In the Perdue Farms case, a contractor who raised chicks for the poultry producer invited an animal welfare group to film the conditions the birds were raised in, alleged he was retaliated against when Perdue placed him under a performance improvement plan, and increased monitoring of his farm.

And in the other case, two former executives of a startup acquired by Comcast alleged that the company breached a promise to pay them millions in incentive compensation in retaliation for reporting Comcast’s failure to disclose the bonus payment on its financial statements.

“In both cases, you see both of the underlying whistleblower complaints are seeking money damages, which the court in Jarkesy certainly suggests that the claim is legal in nature” and subject to a jury trial, Boak said. “Just from what I’ve seen at this early stage, it appears that they have a good chance to prevail on based on the Jarkesy decision, and that being forced to have to litigate these whistleblower complaints before the Department of Labor could violate the Seventh Amendment.”

Adam Pulver, an attorney at the Public Citizen Litigation Group, however, noted that in the Comcast case, the weaknesses caused by Jarksey are likely due to the type of remedy sought by the two former executives.

Because the executives aren’t seeking make-whole relief like back pay—which is typical for whistleblower or constructive discharge cases—and instead only want to receive the bonus compensation they were promised, the remedy in the case is legal in nature and brings Jarkesy into play, Pulver said.

He added that the range of cases where Jarkesy could be implicated isn’t so broad because the DOL can seek injunctive relief and equitable relief under the statutes it administers, types of relief that weren’t impacted by the high court ruling.

“If you read the Comcast complaint, the general theory is, this really isn’t a whistleblower case under the statute,” Pulver said.

Future Challenges

While both lawsuits seeking to have the whistleblower cases sent to a full court are in the early process of briefing, attorneys expect similar arguments to be lodged against the DOL.

The agency uses ALJs for a number of different reasons, according to Paul DeCamp, a management-side attorney with Epstein Becker Green, ranging from whistleblowers, federal contractor debarment cases, to civil money penalty assessments. But the full impact of the Jarkesy ruling on the judges overseeing these actions won’t be fully realized until tested in court.

“Those claims are going to be now potentially up in the air in terms of whether the ALJs have the authority to deal” with them, he said. “There’s a lot of litigation that’s going to happen as the courts flesh out which claims precisely should have been in court and which ones should not.”

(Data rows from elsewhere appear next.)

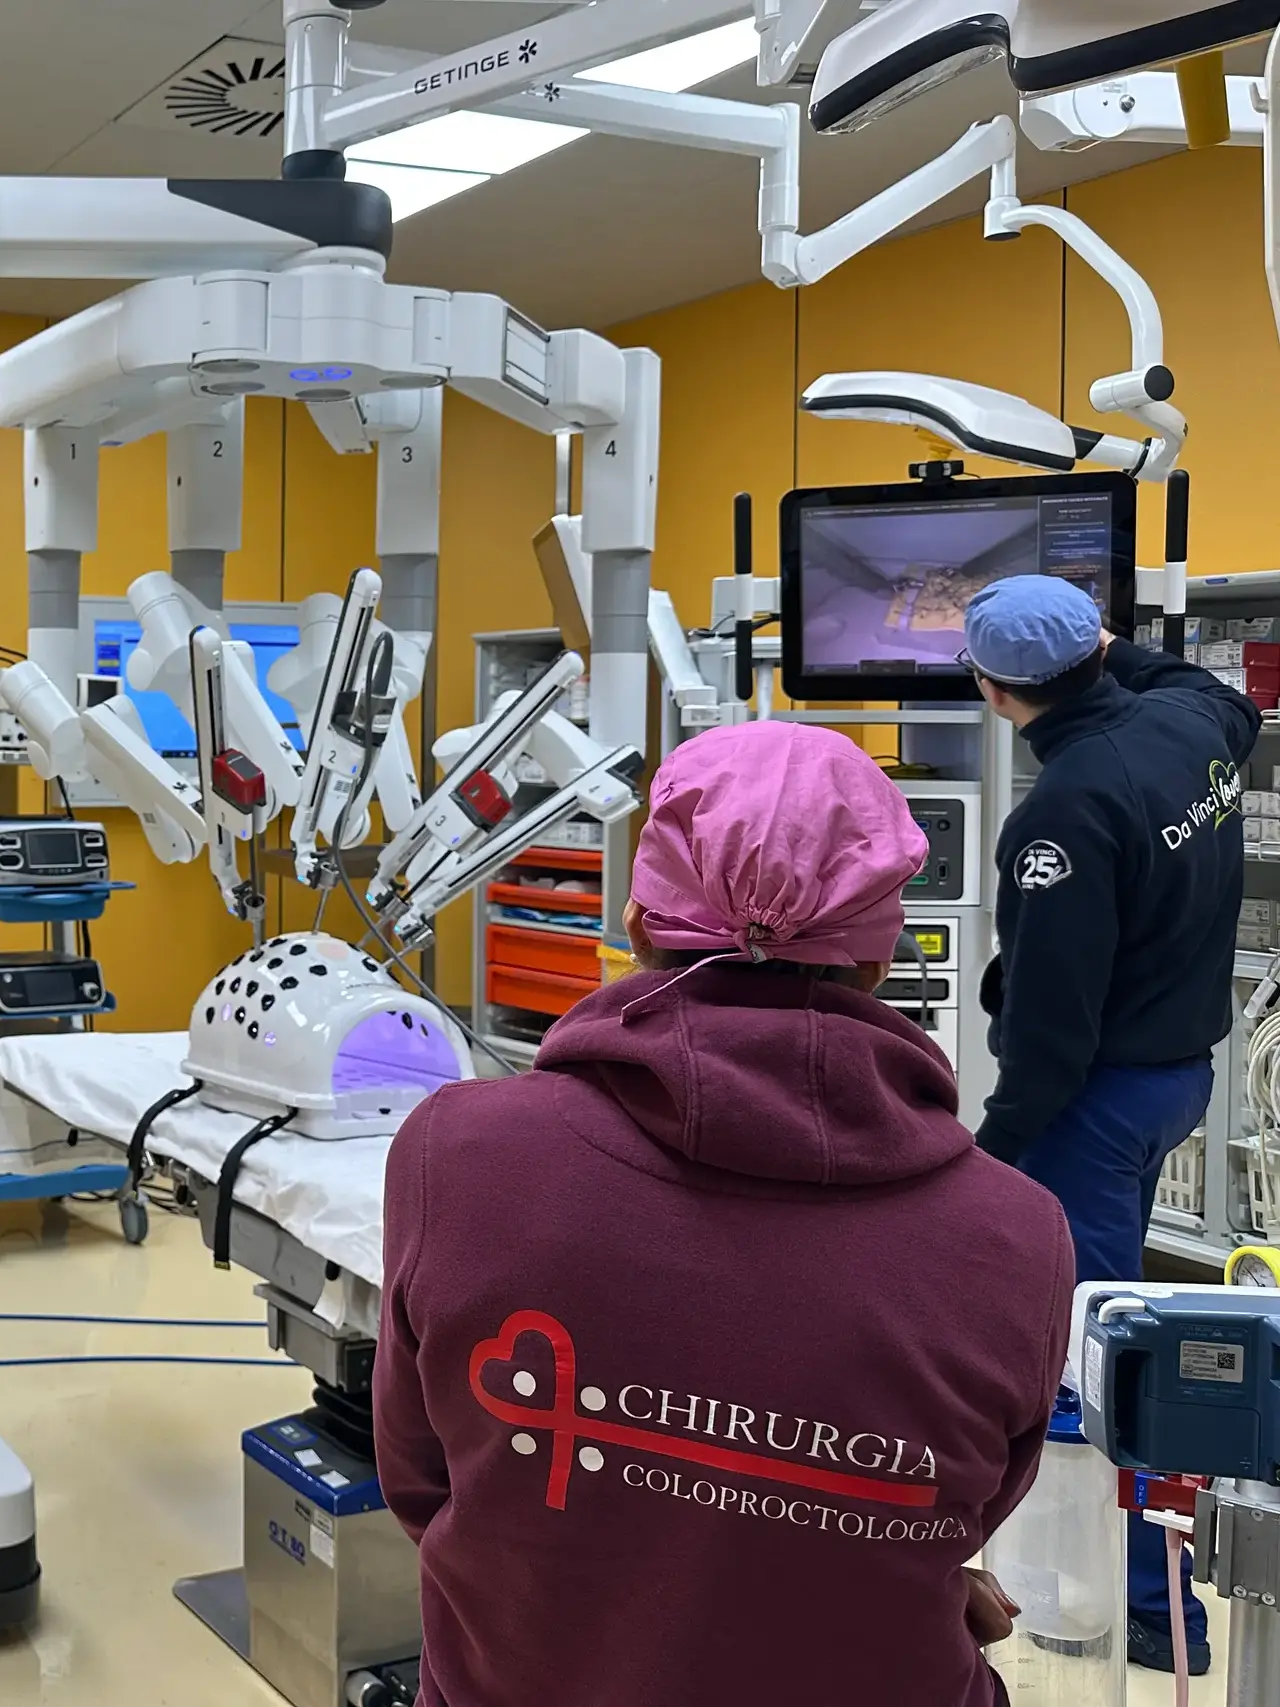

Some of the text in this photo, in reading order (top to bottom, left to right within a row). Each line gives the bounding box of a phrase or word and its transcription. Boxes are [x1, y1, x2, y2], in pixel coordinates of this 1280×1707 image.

[414, 50, 510, 95] GETINGE
[71, 443, 76, 460] 1
[213, 440, 223, 458] 2
[402, 446, 413, 463] 3
[605, 440, 617, 457] 4
[328, 750, 337, 764] 2
[434, 815, 447, 827] 3
[1161, 820, 1192, 850] Da
[1186, 787, 1220, 827] Vinci
[1021, 855, 1058, 886] 25
[618, 1384, 938, 1479] CHIRURGIA
[622, 1463, 968, 1541] COLOPROCTOLOGICA

Whether businesses will see this as an advantageous strategy in response to claims brought by workers is also yet to be seen. Attorneys note that there are risks and benefits to bringing a case before a full court compared to an administrative tribunal.

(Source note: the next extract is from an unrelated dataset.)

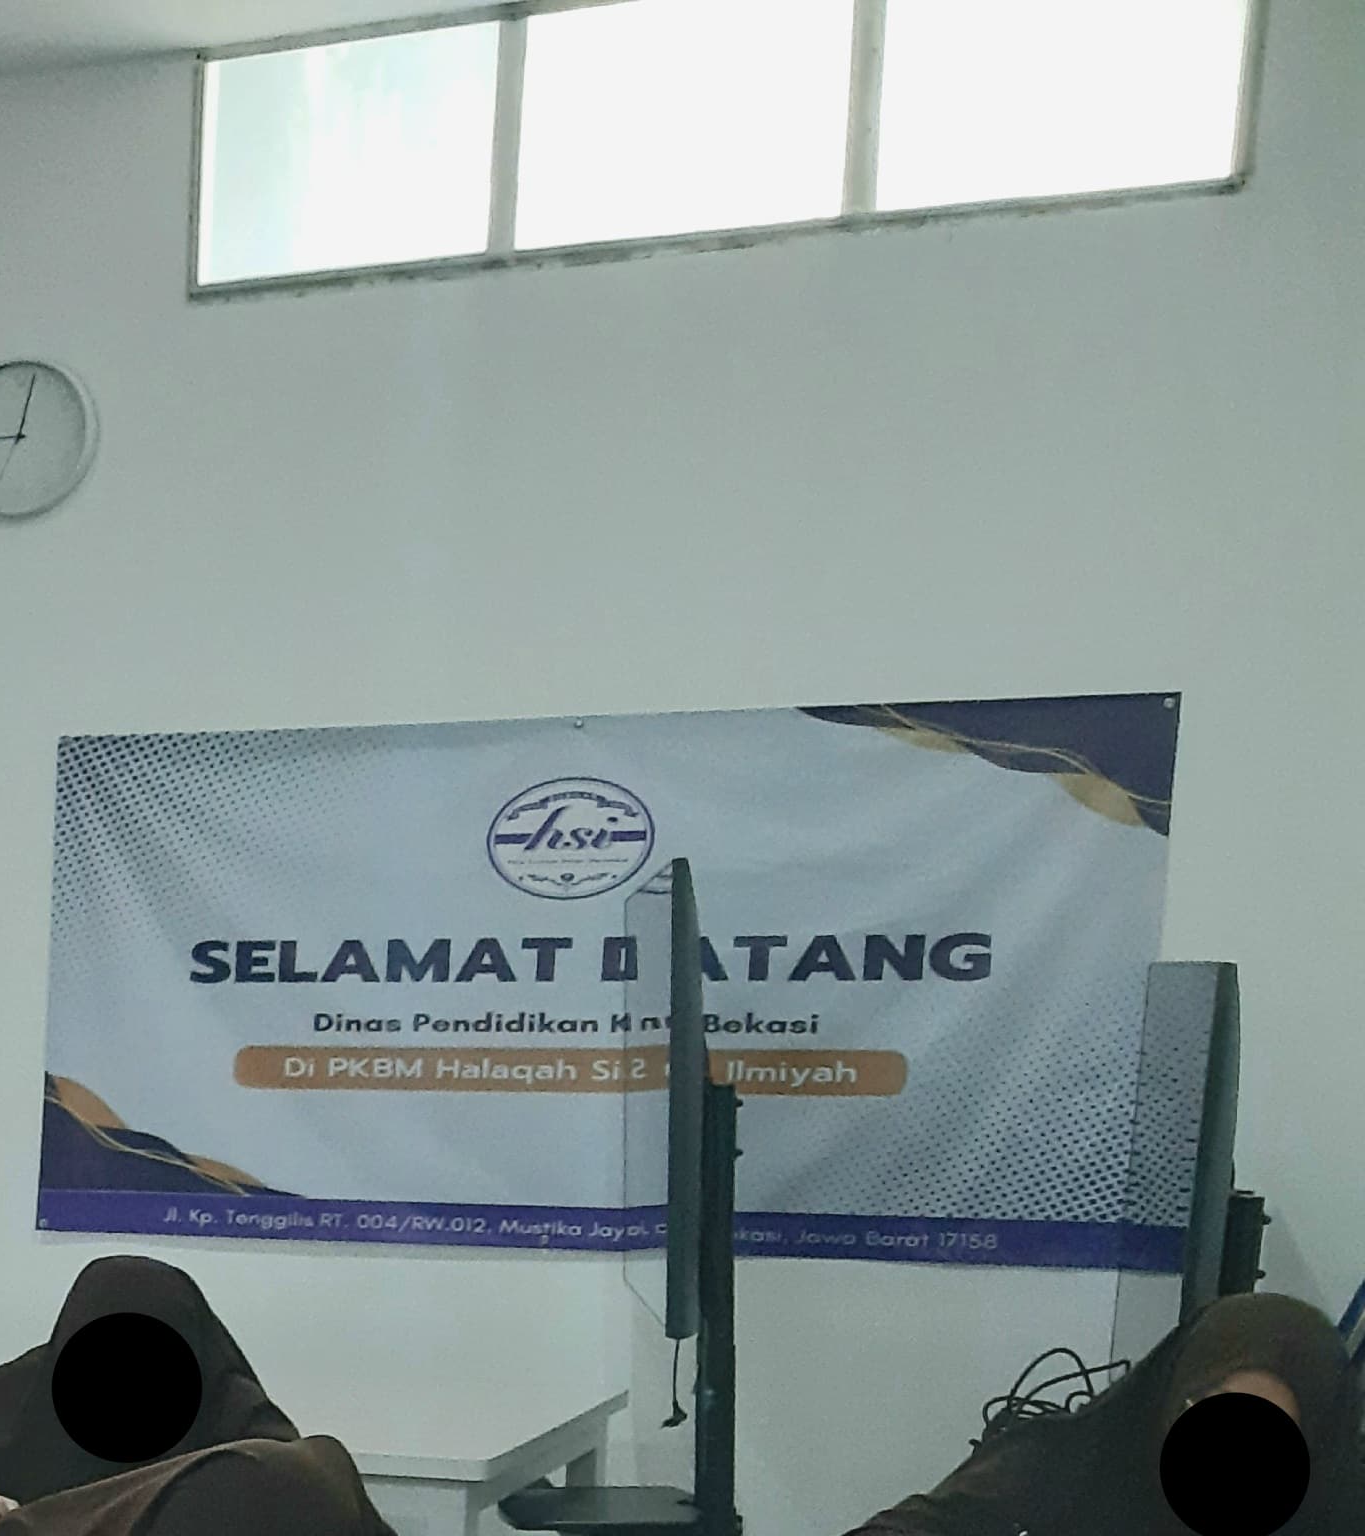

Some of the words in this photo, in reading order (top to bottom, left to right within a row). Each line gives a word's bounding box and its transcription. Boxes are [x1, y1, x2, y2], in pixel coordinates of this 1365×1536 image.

Federal courts offer less predictability, can be more expensive to litigate in, and are a more public arena for resolving such legal claims, said Pulver of Public Citizen. And given that these ALJs are subject to appointment, businesses fighting claims may prefer to have their cases heard before a judge that was appointed by a business-friendly administration.

“One thing that will be interesting to see is if an administration changes, whether there becomes a desire to rather be in before the agency than before a federal court,” Pulver said.

The cases are Comcast Corp. v. DOL, E.D. Va., No. 1:24-cv-01401 and Perdue Farms Inc. v. Su, E.D.N.C., No. 24-00477.